Ye Gods - how I hate that! When we need to go I just head for the door.



> baldilocks
> 
> 
> 
> 
> Originally Posted by mrypg9 View Post
> Pom, Mick, Paddy, Yank, Jock, Canuck, Frog, Hun, Jerry, Eyetie, ***, Limey, Bubble, Jam Roll....I guess these are all 'racist' terms now....
> 
> 
> 
> But does it depend on the target being offended by the term. In my experience most people called Paddy or Jock in a friendly way are quite happy with the term.
Click to expand...

Correct - it's all about context and intent.

I've never seen 'guiri' as racist nor even derogatory.

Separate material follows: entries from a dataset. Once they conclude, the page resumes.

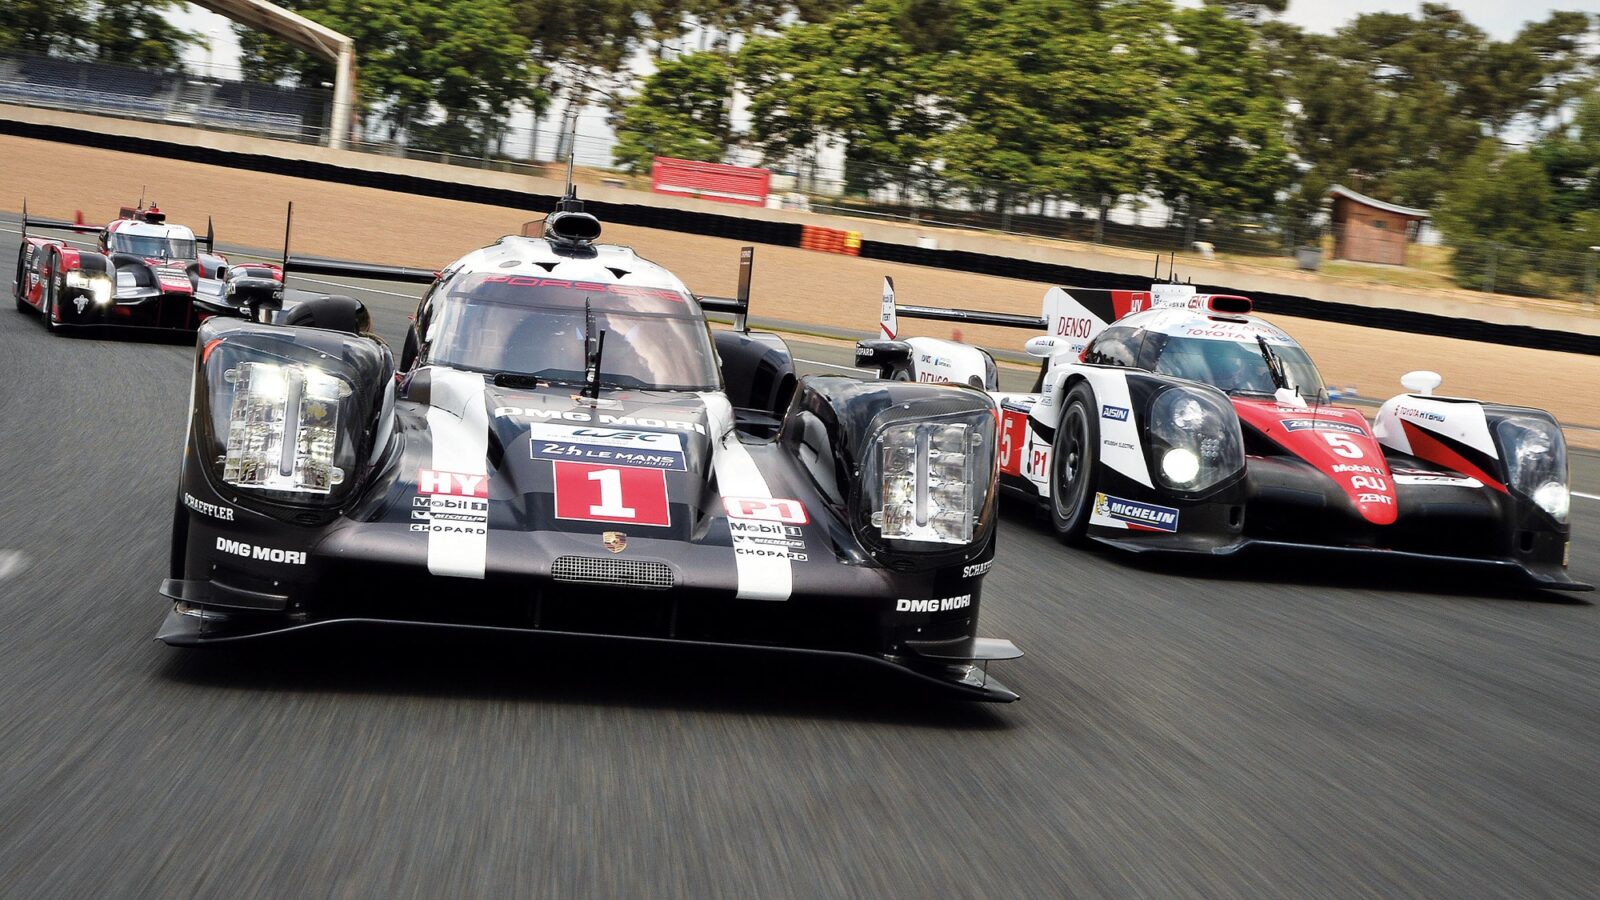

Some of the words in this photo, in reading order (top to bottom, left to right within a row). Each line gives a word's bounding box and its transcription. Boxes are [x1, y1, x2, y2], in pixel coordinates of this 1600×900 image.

[483, 276, 684, 303] PORSCHE
[1057, 316, 1092, 339] DENSO
[1186, 328, 1246, 339] TOYOTA
[494, 406, 592, 422] DMG
[599, 414, 707, 435] MORI
[1103, 406, 1128, 420] AISIN
[572, 429, 663, 442] WEC
[1001, 418, 1013, 467] 5
[1322, 432, 1364, 459] 5
[586, 450, 613, 459] LE
[615, 452, 675, 464] MANS
[1033, 450, 1047, 477] P1
[1331, 463, 1373, 473] Mobil
[420, 470, 485, 496] HY
[587, 468, 636, 519] 1
[1356, 493, 1393, 505] ZENT
[184, 492, 234, 521] SCHAEFFLER
[414, 497, 467, 509] Mobil
[739, 501, 792, 518] P1
[1110, 502, 1177, 524] MICHELIN
[411, 524, 486, 535] CHOPARD
[730, 522, 782, 534] Mobil
[216, 536, 251, 557] DMG
[252, 546, 307, 565] MORI
[736, 548, 806, 561] CHOPARD
[896, 598, 940, 612] DMG
[940, 594, 971, 612] MORI

BTW what does 'p***' mean in 'p*** guiri'?:confused2:


----------



## Pesky Wesky

jimenato said:


> Ye Gods - how I hate that! When we need to go I just head for the door.
> 
> 
> 
> Correct - it's all about context and intent.
> 
> I've never seen 'guiri' as racist nor even derogatory.
> 
> BTW what does 'p***' mean in 'p*** guiri'?:confused2:


Give it a P, give it a U, give it a T. Add an A or an O


----------



## Horlics

Pesky Wesky said:


> Ah well, it would be interesting to hear what the other people living in Javea have to say about it, because I haven't heard about racism there before


There isn't any.

I've just accepted an invitation to dinner tomorrow night with 8 to 10 locals. They'll even be polite enough to switch to Castellano due to our presence. Lovely people.


----------



## Horlics

emmamayb said:


> Yeah javea is the least bad because they get SO much money from tourism there and the people who visit are a bit nicer and from all over the world. Its just more of a general statement of something i notived over the last 11 years



So you've spent enough time in each of the three places you mentioned to meet enough people to be able to grade the different levels racism?

How much time did that take? In what form and place did the interaction take place?

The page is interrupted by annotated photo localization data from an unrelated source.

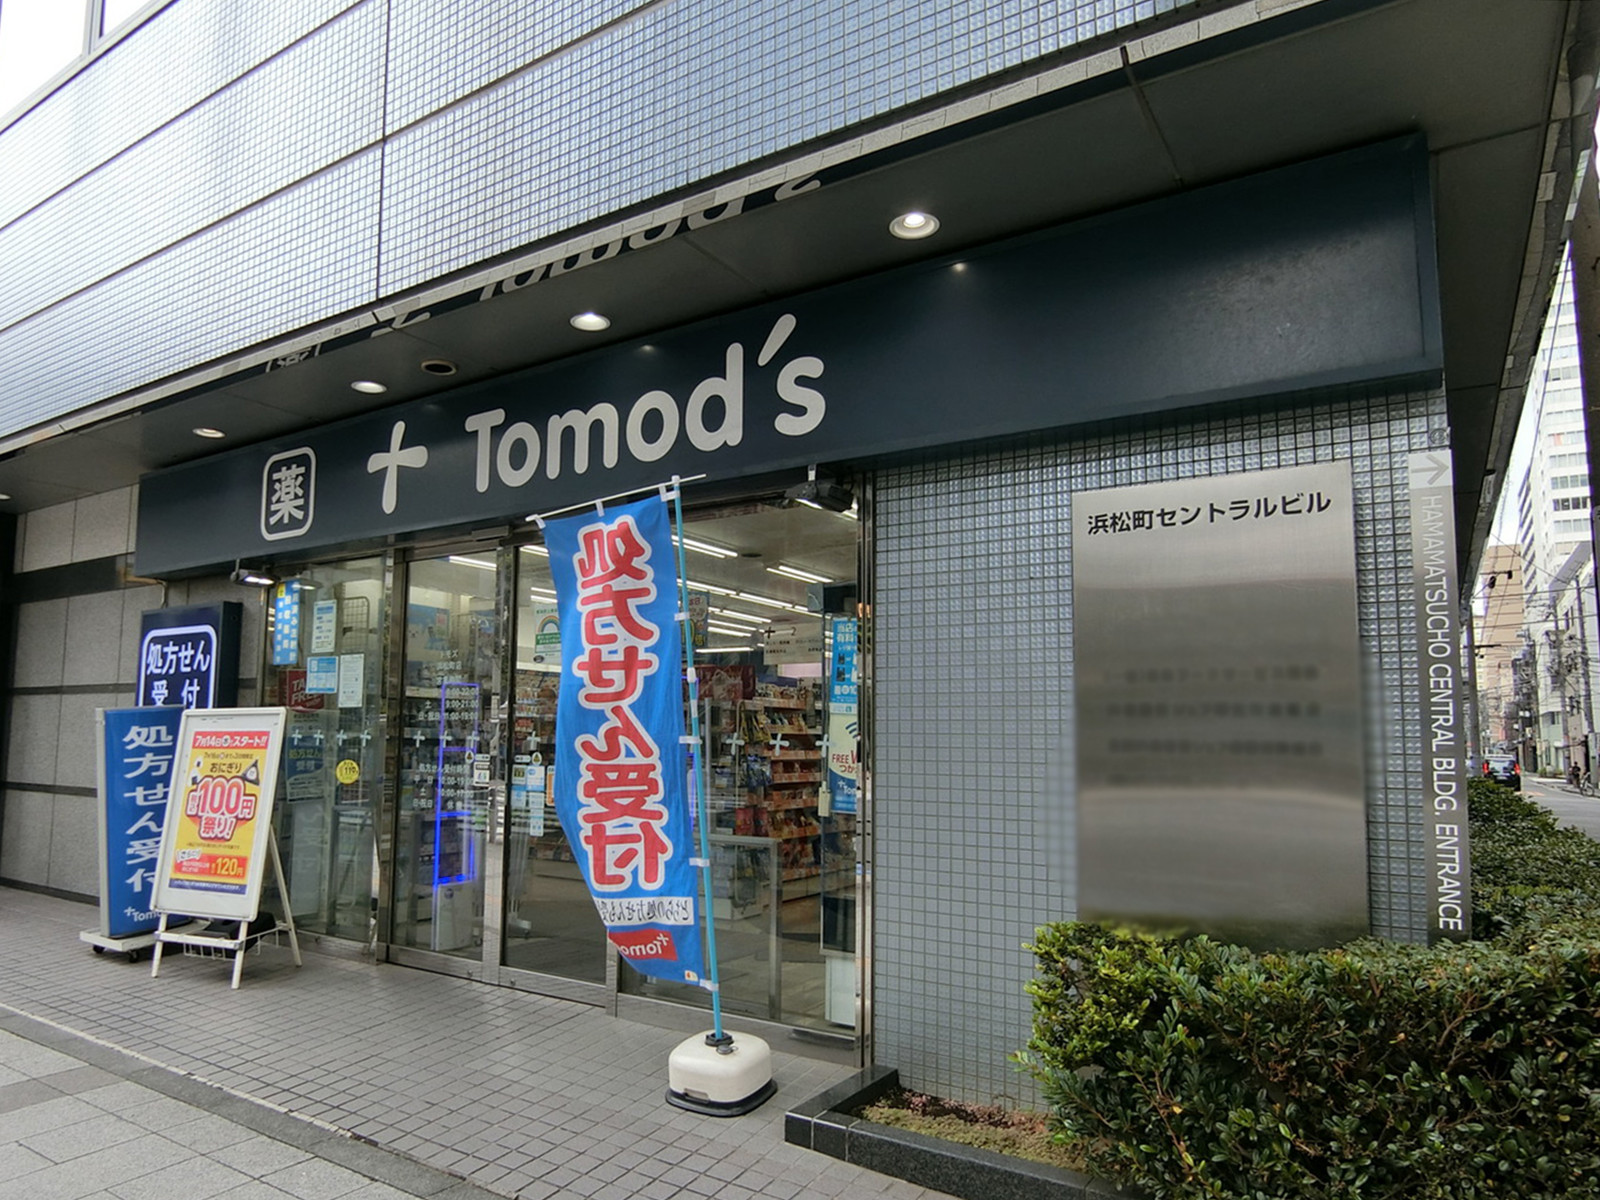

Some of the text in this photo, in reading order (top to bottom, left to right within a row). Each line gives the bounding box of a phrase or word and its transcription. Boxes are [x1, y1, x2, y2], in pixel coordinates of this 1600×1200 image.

[464, 313, 826, 492] Tomod's
[269, 464, 305, 524] 薬
[1087, 491, 1332, 535] 浜松町セントラルビル
[146, 640, 210, 674] 処方せん
[1421, 495, 1463, 931] HAMAMATSUCHO CENTRAL BLDG. ENTRANCE
[210, 762, 242, 773] おにぎり
[832, 753, 849, 764] FREE

(I should really read the whole thread before commenting, I know... only on page 2 at the mo)


----------



## Horlics

emmamayb said:


> Yeah I agree. The word used when comments are made directly translates to the word "foreigner" so it isnt targetted mainly at English people at all. It is more of a general term used.


This is getting a bit random now.


----------



## Pesky Wesky

Horlics said:


> (I should really read the whole thread before commenting, I know... only on page 2 at the mo)


That's a good idea!


----------



## Horlics

xabiachica said:


> me too
> 
> I would find it pretentious if a fellow Brit greeted me in Spanish, if they know that I'm English, too
> 
> I might say _buenos días _to someone of any other nationality though, if I knew they couldn't speak English & I don't speak their language - after all Spanish is likely to be our common language
> 
> more & more I'm finding myself saying Bon Día though ( I really _must _find time for Valenciano lessons! )


I say hola and buenos dias to Brits sometimes but only because it's what happens to come out of my mouth before I think about it.

Last time I went back to the UK I said gracias to the bloke behind the bar in my local... again, I just didn't think.

I do the bon dia thing too!


----------



## Horlics

Pesky Wesky said:


> That's a good idea!


I know, it was mine


----------



## Isla Verde

Justina said:


> . . .
> After three and a bit years here, I can truly say that nobody has in anyway treated me in a derogatory fashion, which is more than I can say about Mexico, my last home.


I've been living in Mexico for almost eight years and have always been treated well by the Mexicans I've met, some of whom have become good friends. The only exception might be a few casual anti-Semitic comments made in my presence by Mexicans who don't know I'm Jewish. Of course, things like that never happen in Spain, correct?


----------



## Justina

*Racism*



Isla Verde said:


> I've been living in Mexico for almost eight years and have always been treated well by the Mexicans I've met, some of whom have become good friends. The only exception might be a few casual anti-Semitic comments made in my presence by Mexicans who don't know I'm Jewish. Of course, things like that never happen in Spain, correct?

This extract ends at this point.